Se tournant vers la mise en scène, il continue à travailler pour le théâtre, avec un succès grandissant, avant de se voir confier, en 1966, la réalisation de son premier film, une adaptation de la pièce Qui a peur de Virginia Woolf ? Elisabeth Taylor et Richard Burton y forment un duo mémorable, couple alcoolisé qui se déchire devant deux jeunes mariés. Réussissant à canaliser ses deux monstres sacrés, Mike Nichols s'impose alors comme un direction d’acteur hors pair, ce que confirment ses réussites suivantes.
Dès l’année suivante, Mike Nichols signe ce qui restera son film le plus célèbre : Le Lauréat. Le héros, qui représente pourtant une forme d’idéal de réussite au début de l’histoire, choisit l’anticonformisme après avoir couché avec une amie de ses parents puis avec sa fille. Joué par un Dustin Hoffman alors complètement inconnu, le film connaîtra un succès hallucinant. Son ton novateur, le jeu très moderne de Hoffman, l’érotisme d’Anne Bancroft, tout cela contribue à faire du film un phénomène de société qui garde encore aujourd’hui toute sa fraîcheur, aidé en cela par les tubes interprétés par Simon et Garfunkel. Un oscar du meilleur réalisateur récompensera le travail du cinéaste.
Mike Nichols réalise ensuite Catch 22, en 1970, mélange de film de guerre et de satire politique, puis rencontre Jack Nicholson en 1971 pour Ce plaisir qu’on dit charnel, film sur la découverte de la sexualité par deux étudiants. L’aspect sulfureux du film entraînera quelques scandales et fera toute sa notoriété.

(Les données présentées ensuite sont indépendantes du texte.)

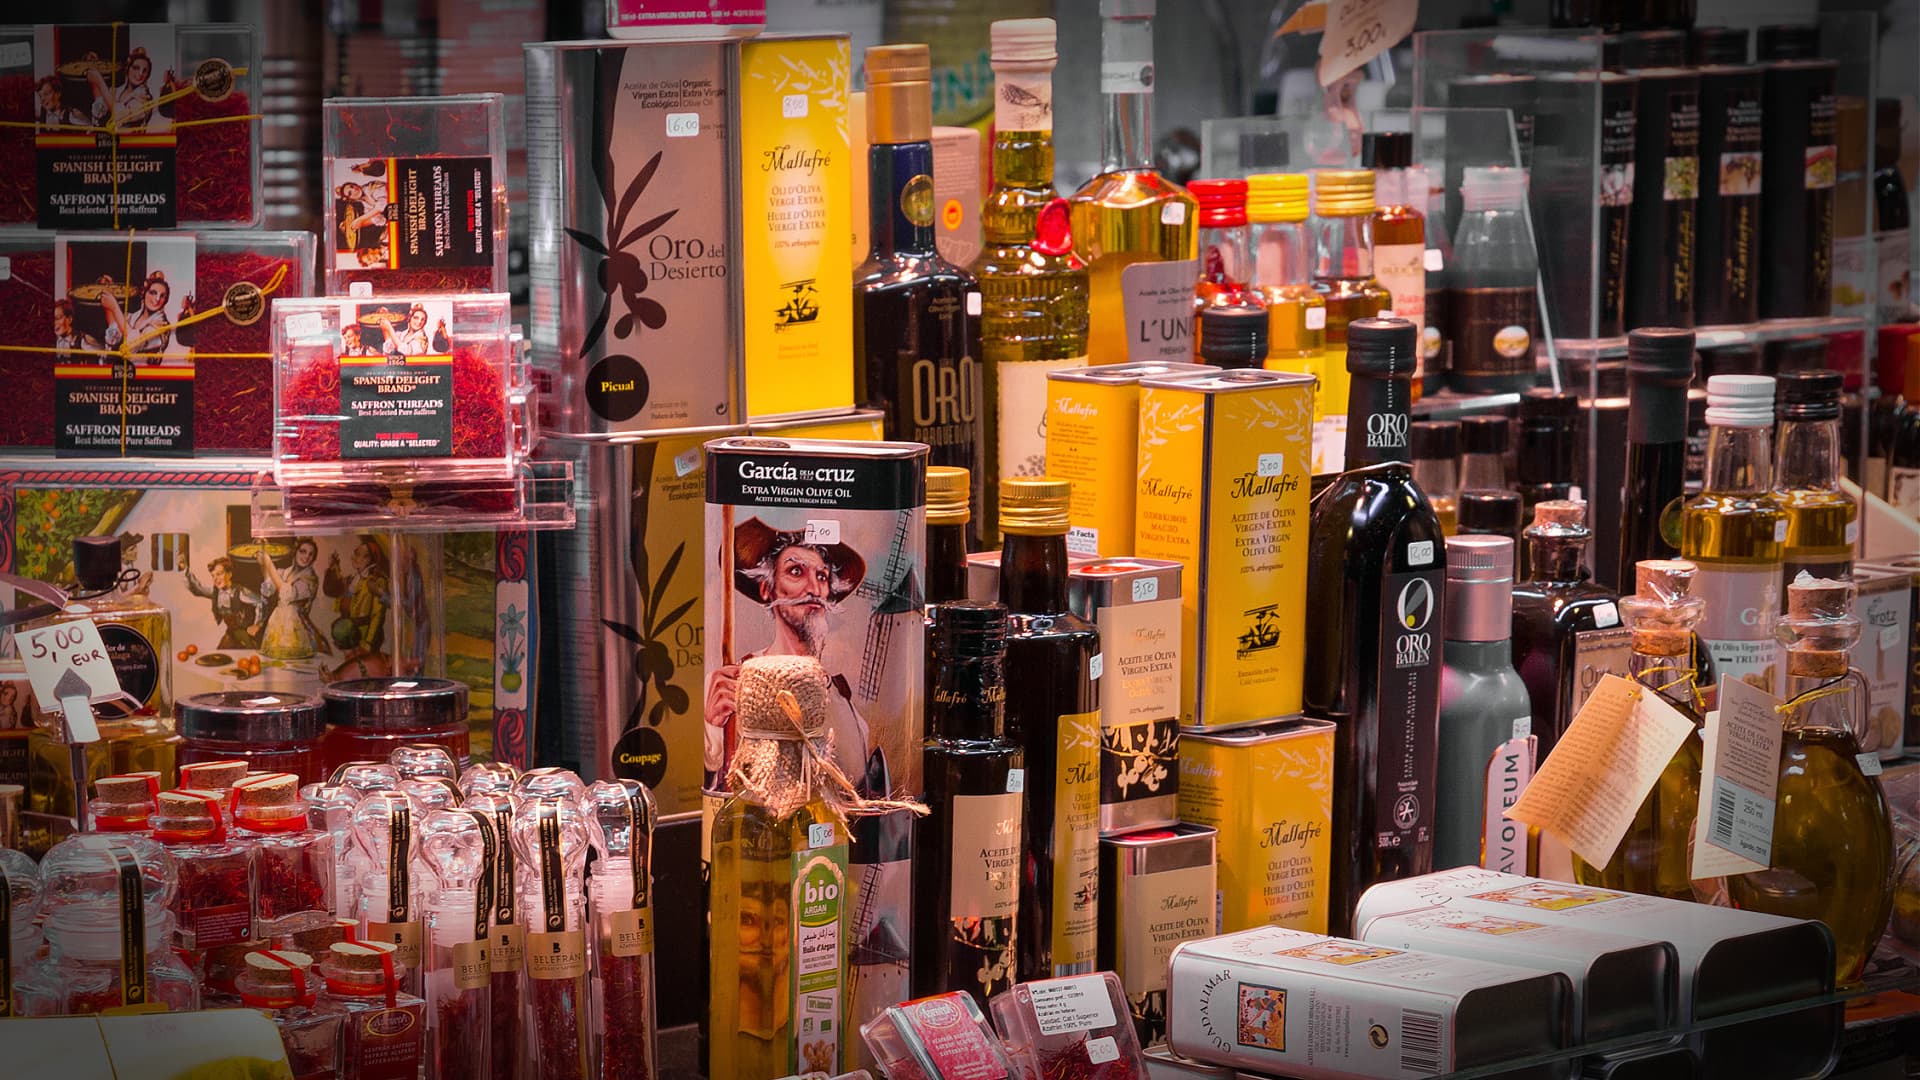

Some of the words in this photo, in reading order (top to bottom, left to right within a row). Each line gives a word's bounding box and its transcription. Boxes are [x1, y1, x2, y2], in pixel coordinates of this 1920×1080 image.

[682, 80, 712, 90] Organic
[632, 91, 657, 101] Virgen
[659, 90, 679, 99] Extra
[682, 90, 702, 98] Extra
[52, 161, 103, 173] SPANISH
[761, 145, 831, 176] Mallafré
[408, 168, 418, 214] DELIGHT
[432, 165, 443, 212] THREADS
[50, 194, 106, 205] SAFFRON
[108, 193, 167, 205] THREADS
[797, 195, 825, 206] EXTRA
[59, 205, 76, 214] Best
[78, 205, 109, 214] Selected
[129, 204, 158, 214] Saffron
[798, 220, 826, 230] EXTRA
[409, 215, 419, 256] SPANISH
[434, 214, 444, 258] SAFFRON
[649, 234, 705, 261] Oro
[707, 244, 725, 258] del
[650, 260, 727, 281] Desierto
[353, 376, 393, 386] SPANISH
[394, 375, 441, 385] DELIGHT
[601, 380, 634, 392] Picual
[69, 392, 119, 404] SPANISH
[124, 392, 179, 405] DELIGHT
[912, 356, 977, 427] ORO
[351, 400, 395, 410] SAFFRON
[397, 399, 444, 409] THREADS
[66, 425, 121, 436] SAFFRON
[124, 425, 182, 437] THREADS
[1366, 412, 1409, 435] ORO
[143, 435, 173, 446] Saffron
[380, 440, 400, 448] GRADE
[738, 460, 798, 481] García
[815, 467, 855, 483] cruz
[1259, 458, 1279, 473] 5,00
[741, 485, 770, 495] EXTRA
[770, 485, 804, 497] VIRGIN
[806, 487, 834, 498] OLIVE
[835, 488, 852, 498] OIL
[1140, 478, 1193, 504] Mallafré
[1230, 471, 1299, 501] Mallafré
[1231, 513, 1258, 523] ACEITE
[1260, 513, 1270, 521] DE
[1271, 508, 1297, 518] OLIVA
[807, 523, 831, 542] 7,00
[1235, 523, 1265, 533] VIRGEN
[1266, 519, 1292, 530] EXTRA
[1235, 537, 1261, 548] EXTRA
[1262, 533, 1291, 544] VIRGIN
[1242, 547, 1266, 558] OLIVE
[1267, 544, 1282, 554] OIL
[1134, 580, 1155, 599] 3,50
[674, 622, 704, 648] Or
[31, 626, 84, 663] 5,00
[1396, 632, 1432, 655] ORO
[71, 649, 105, 667] EUR
[1118, 656, 1143, 666] ACEITE
[1143, 653, 1153, 662] DE
[1154, 650, 1177, 661] OLIVA
[1121, 665, 1150, 676] VIRGEN
[1150, 662, 1173, 673] EXTRA
[620, 752, 662, 767] Coupage
[1500, 753, 1520, 874] AVOEUM
[1260, 819, 1321, 849] Mallafré
[979, 848, 1011, 859] ACEITE
[1266, 871, 1290, 882] VERGE
[1290, 866, 1315, 878] EXTRA
[803, 879, 839, 904] bio
[1264, 894, 1291, 906] VIERGE
[1291, 890, 1316, 903] EXTRA
[1159, 895, 1199, 911] Mallafré
[1149, 922, 1175, 933] ACEITE
[1175, 920, 1184, 929] DE
[1185, 916, 1210, 928] OLIVA
[1152, 931, 1181, 943] VIRGEN
[1181, 928, 1206, 940] EXTRA
[1200, 969, 1232, 1054] GUADALIMAR

Désormais, il fait partie des valeurs sûres d'Hollywood et il aime employer les stars dont il révèle toutes les facettes dramatiques sur des sujets les plus divers. Après un film écologique, Le Jour du dauphin, en 1973, avec George C.Scott, il retrouve Jack Nicholson en 1975, associé à Warren Beatty pour La Bonne Fortune. Leur duo cherche à s'aligner sur le succès du tandem Redford/Newman dans le sillage nostagique de L'Arnaque, mais cette tentative de revival de comédie hollywoodienne située les années vingt manque sa cible. Mike Nichols aborde un sujet scabreux sur un ton joyeux pour un résultat très indigeste. Cet échec complet l'écartera quelques années du cinéma, le forçant à retravailler pour le théâtre et la télévision.

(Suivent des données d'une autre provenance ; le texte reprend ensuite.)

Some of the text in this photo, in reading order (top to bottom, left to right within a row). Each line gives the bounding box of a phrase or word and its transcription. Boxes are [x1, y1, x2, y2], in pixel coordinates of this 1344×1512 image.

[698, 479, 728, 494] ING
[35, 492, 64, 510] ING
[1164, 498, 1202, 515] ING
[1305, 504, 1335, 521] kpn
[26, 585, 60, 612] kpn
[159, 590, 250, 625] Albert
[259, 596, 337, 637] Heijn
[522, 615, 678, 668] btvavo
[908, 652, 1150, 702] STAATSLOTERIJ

Avec Le Mystère Silkwood, en 1984, Mike Nichols réussit son retour avec un film-enquête, adapté d’une histoire vraie, où Meryl Streep est particulièrement brillante, entourée de Kurt Russell et de Cher en meilleure amie lesbienne. L’année suivante, le cinéaste forme un couple inédit, avec deux acteurs qu'il connait bien désormais : Meryl Streep et Jack Nicholson : La Brûlure. Cette chronique de la séparation d'un couple reste pourtant trop conventionnelle et les deux stars restent dans les marques d'une performance trop attendue.
Avec l’adaptation de Biloxi Blues, la pièce autobiographique de Neil Simon, Mike Nichols retrouve le mordant de ses débuts, permettant à Matthew Broderick d'aborder un personnage un peu plus complexe que les rôles d'ados auxquels il était cantonné.

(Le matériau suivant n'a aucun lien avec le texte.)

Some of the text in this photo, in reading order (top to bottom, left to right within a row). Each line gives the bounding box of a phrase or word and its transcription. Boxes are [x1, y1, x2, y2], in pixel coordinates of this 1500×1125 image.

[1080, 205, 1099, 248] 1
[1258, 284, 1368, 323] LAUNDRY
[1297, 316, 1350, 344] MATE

Et le succès est de nouveau au rendez-vous avec, en 1989, Working Girl, qui recycle les ficelles de la comédie classique avec un sujet très moderne : la vie des yuppies de Manhattan. Archétype des années quatre-vingt triomphantes, où une jeune femme arrive à changer son destin par la force de sa volonté, le film s'appuie sur Mélanie Griffith, dans l'un de ses meilleurs rôles, secondée par Joan Cusack, particulièrement savoureuse. Entre elles-deux, Harrison Ford, galamment en retrait, avale de son sourire enjôleur la moindre de ses apparitions. La scène où il change de chemise tout en téléphonant dans un bureau vitré devant des dizaines de secrétaires enamourées est anthologique.
Avec Bons baisers d’Hollywood, en 1990, adapté de l’autobiographie de Carrie Fisher (l'ex-Princesse Leia de La Guerre des étoiles, Mike Nichols a l’occasion de faire une brillante satire de sa profession. Mais en réunissant Meryl Streep et Shirley MacLaine, le film est recentré sur leur relation mère-fille et s'éloigne de son sujet.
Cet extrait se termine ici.